• 3D
  • Turning off 'Force Vertex Shading.mobile' resulted in severe frame drops

I'm working on a mobile game. The world is 3D and the characters are 3D animated sprites (which are 2D really). I have an OmniLight node that shines on one of the character sprites. When 'Force Vertex Shading.mobile' (project setting parameter) is turned on the game runs smoothly, however, the character sprite doesn't cast any shadows. When I turned 'Force Vertex Shading.mobile' off, the character sprite started casting shadows but the performance dropped significantly.

How can I fix this? The shadows can be low quality (I have no problem with that) but I need them to be there.

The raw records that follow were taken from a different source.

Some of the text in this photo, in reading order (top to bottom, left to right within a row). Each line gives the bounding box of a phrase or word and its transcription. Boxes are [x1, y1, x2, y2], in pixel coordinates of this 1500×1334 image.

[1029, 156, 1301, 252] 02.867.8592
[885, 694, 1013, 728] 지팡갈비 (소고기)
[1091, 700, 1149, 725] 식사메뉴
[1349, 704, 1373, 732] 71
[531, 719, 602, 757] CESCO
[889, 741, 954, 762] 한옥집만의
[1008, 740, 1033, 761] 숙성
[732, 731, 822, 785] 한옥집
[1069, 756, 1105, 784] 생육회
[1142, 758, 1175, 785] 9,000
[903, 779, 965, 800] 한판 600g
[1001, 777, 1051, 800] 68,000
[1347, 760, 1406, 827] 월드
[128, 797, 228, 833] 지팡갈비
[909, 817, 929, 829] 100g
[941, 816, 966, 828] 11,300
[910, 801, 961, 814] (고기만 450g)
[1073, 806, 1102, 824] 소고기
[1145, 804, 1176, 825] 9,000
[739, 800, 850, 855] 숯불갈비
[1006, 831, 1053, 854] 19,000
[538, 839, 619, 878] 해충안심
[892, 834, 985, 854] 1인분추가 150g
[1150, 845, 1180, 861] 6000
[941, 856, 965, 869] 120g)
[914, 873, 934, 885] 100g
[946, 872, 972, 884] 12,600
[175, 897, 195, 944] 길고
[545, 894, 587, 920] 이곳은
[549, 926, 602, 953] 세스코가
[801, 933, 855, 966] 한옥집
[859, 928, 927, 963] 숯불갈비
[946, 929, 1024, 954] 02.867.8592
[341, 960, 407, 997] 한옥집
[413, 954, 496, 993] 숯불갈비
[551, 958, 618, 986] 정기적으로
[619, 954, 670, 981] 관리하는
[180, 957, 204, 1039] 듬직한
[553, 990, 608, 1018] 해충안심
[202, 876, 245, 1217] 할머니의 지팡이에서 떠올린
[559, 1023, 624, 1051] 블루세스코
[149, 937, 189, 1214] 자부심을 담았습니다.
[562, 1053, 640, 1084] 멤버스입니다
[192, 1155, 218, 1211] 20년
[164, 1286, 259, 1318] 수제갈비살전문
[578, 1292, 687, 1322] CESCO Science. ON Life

I've found shadows too be too intensive for mobile. However, you can fake them and probably get better performance. For example, just cast a black circle under the character, many mobile games do something similar.

@cybereality said: I've found shadows too be too intensive for mobile. However, you can fake them and probably get better performance. For example, just cast a black circle under the character, many mobile games do something similar.

I want to avoid fake shadows since they're not dynamic. The thing that puzzles me is that the description of the Force Vertex Shading parameter says: 'If true, forces vertex shading for all rendering. This can increase performance a lot, but also reduces quality immensely'. For me it doesn't just 'reduce the quality', it disables shadows altogether.

Well maybe think of something clever without using shadows. I remember on an old Flash game I made, I did shadows on 2D sprites by creating a copy of the sprite (in code) and then flipping the Y axis and scaling it a bit and tinting it solid gray. I would have both copies update animation at the same time, and honestly it looked decent.

@cybereality said: Well maybe think of something clever without using shadows. I remember on an old Flash game I made, I did shadows on 2D sprites by creating a copy of the sprite (in code) and then flipping the Y axis and scaling it a bit and tinting it solid gray.

This. A bit of transform magic can go a long way.